Remote sensing (RS) segmentation is currently evolving from fixed-category prediction toward instruction-grounded localization; however, the scarcity of reasoning-oriented datasets and domain-specific challenges, such as overhead viewpoints, hinder its progress. We introduce GeoSeg, a zero-shot, training-free framework that couples the reasoning power of multimodal large language models (MLLMs) with precise promptable segmenters.
Phase 1 – Bias-Aware Coordinate Refinement. GeoSeg incorporates Bias-Aware Coordinate Refinement to correct systematic grounding shifts inherent in MLLMs under rotation-invariant RS visual statistics.
Phase 2 – Dual-Route Prompting and Fusion. GeoSeg employs a Dual-Route Prompting mechanism that synergizes fine-grained visual keypoints (Route A) with semantic intent (Route B), finalized through a consensus-driven fusion strategy. To benchmark this task, we construct GeoSeg-Bench, a diagnostic dataset of 810 image–query pairs with hierarchical difficulty levels, on which GeoSeg achieves state-of-the-art instruction faithfulness and boundary precision without any domain-specific fine-tuning.

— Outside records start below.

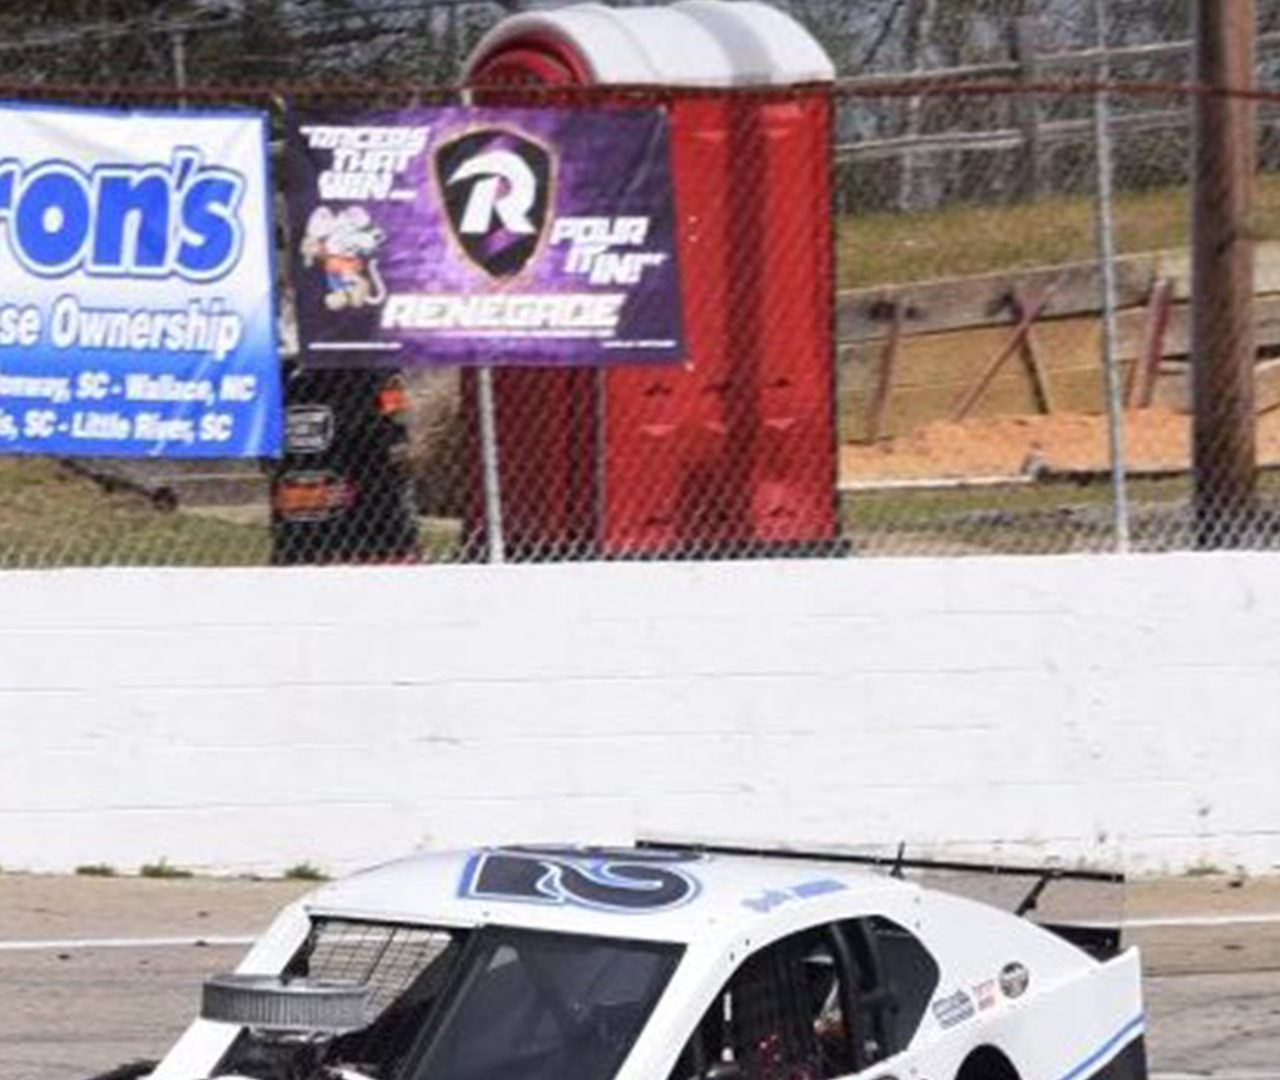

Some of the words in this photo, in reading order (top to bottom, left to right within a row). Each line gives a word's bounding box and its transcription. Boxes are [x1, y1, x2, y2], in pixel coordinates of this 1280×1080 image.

[447, 149, 536, 234] R
[550, 217, 651, 246] POUR
[565, 239, 609, 273] IT
[51, 294, 242, 360] Ownership
[381, 293, 627, 328] RENEGADE
[76, 371, 110, 399] SC
[125, 373, 216, 406] Wallace,
[220, 374, 257, 400] NC
[23, 410, 57, 438] SC
[71, 411, 131, 440] Little
[200, 413, 234, 441] SC
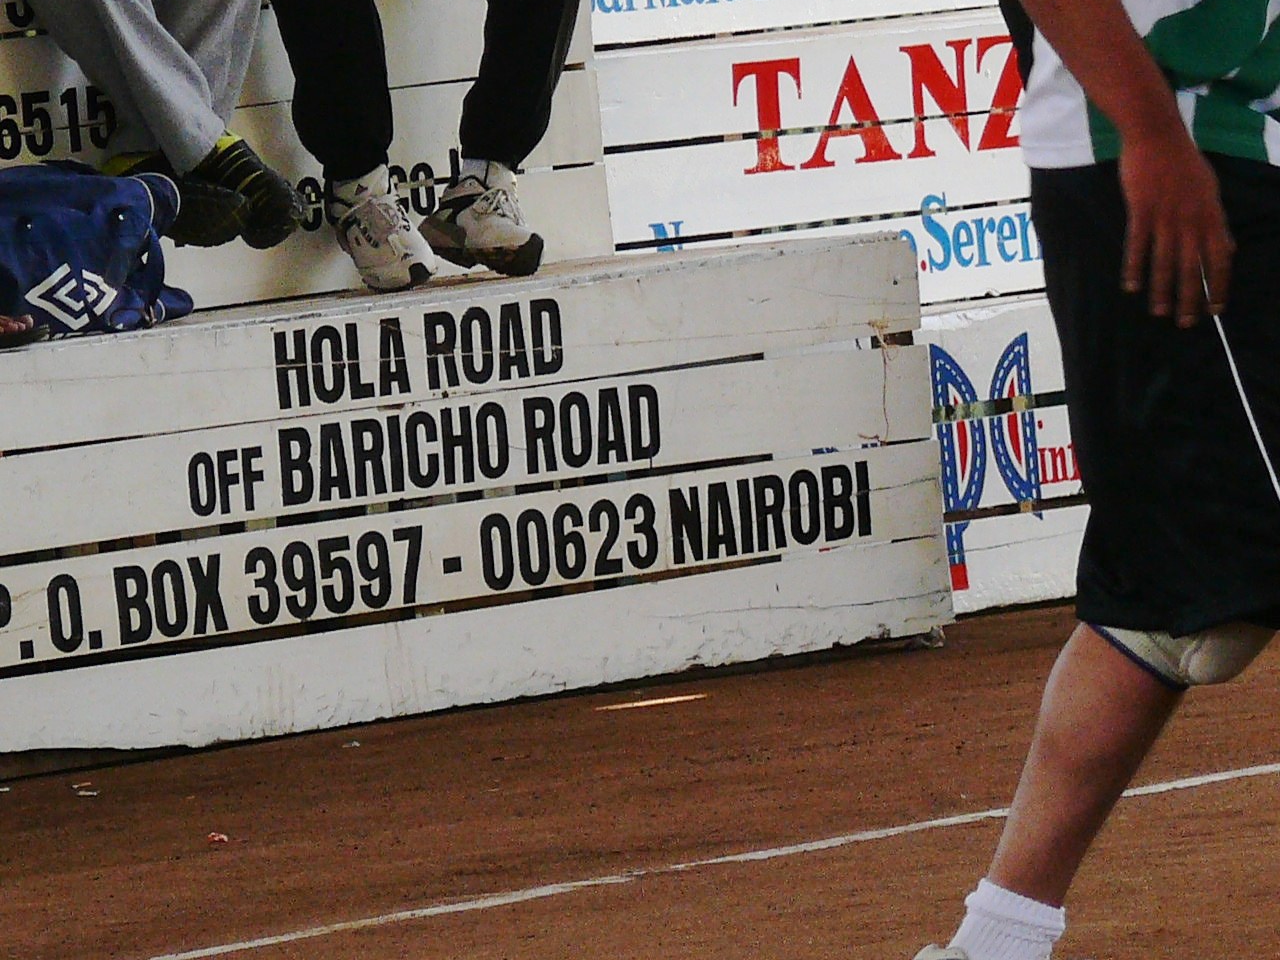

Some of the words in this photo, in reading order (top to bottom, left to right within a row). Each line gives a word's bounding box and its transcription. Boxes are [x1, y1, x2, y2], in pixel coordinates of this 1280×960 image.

[732, 35, 1024, 176] TANZ
[273, 317, 412, 410] HOLA
[424, 298, 564, 391] ROAD
[187, 446, 265, 517] OFF
[278, 401, 510, 507] BARICHO
[523, 384, 661, 475] ROAD
[113, 553, 229, 646] BOX
[244, 525, 423, 625] 39597
[479, 492, 658, 591] 00623
[669, 460, 872, 565] NAIROBI

Overview of the GeoSeg pipeline. Given a remote sensing image \(I\) and a natural language query \(q\), the pipeline operates in three stages: (1) Reasoning-Driven Grounding: the MLLM \(\mathcal{L}\) generates a coarse bounding box \(b\) and extracts the object prompt \(p\). (2) Bias-Aware Coordinate Refinement: to mitigate grounding bias, the box is adjusted via asymmetric expansion \((\alpha, \beta)\) to yield a refined RoI \(I_{b'}\). (3) Dual-Route Segmentation & Fusion: within the RoI, we perform parallel segmentation using Route A (visual cues via CLIP Surgery) and Route B (semantic cues via SAM3 with prompt \(p\)). The final prediction \(\hat{M}\) is obtained by integrating both paths via Intersection-First Fusion.

Qualitative comparison with multiple baselines. This figure demonstrates the superiority of our approach over three major categories of baseline models: generalist segmentation, reasoning segmentation, and open-source MLLMs. Most baseline methods struggle to comprehend the query intent, resulting in segmentation failures or excessive noise, whereas our method successfully generates accurate masks. More examples are provided in the Appendix.

Ablation study on component effectiveness. We validate the contribution of the Bias-Aware Coordinate Refinement (Box Refine) and the Dual-Route strategy. Route A represents the Point-Prompt path (Visual Cues), and Route B denotes the Text-Prompt path (Semantic Cues). Removing any module significantly degrades performance, confirming the necessity of our full pipeline. More examples are provided in the Appendix.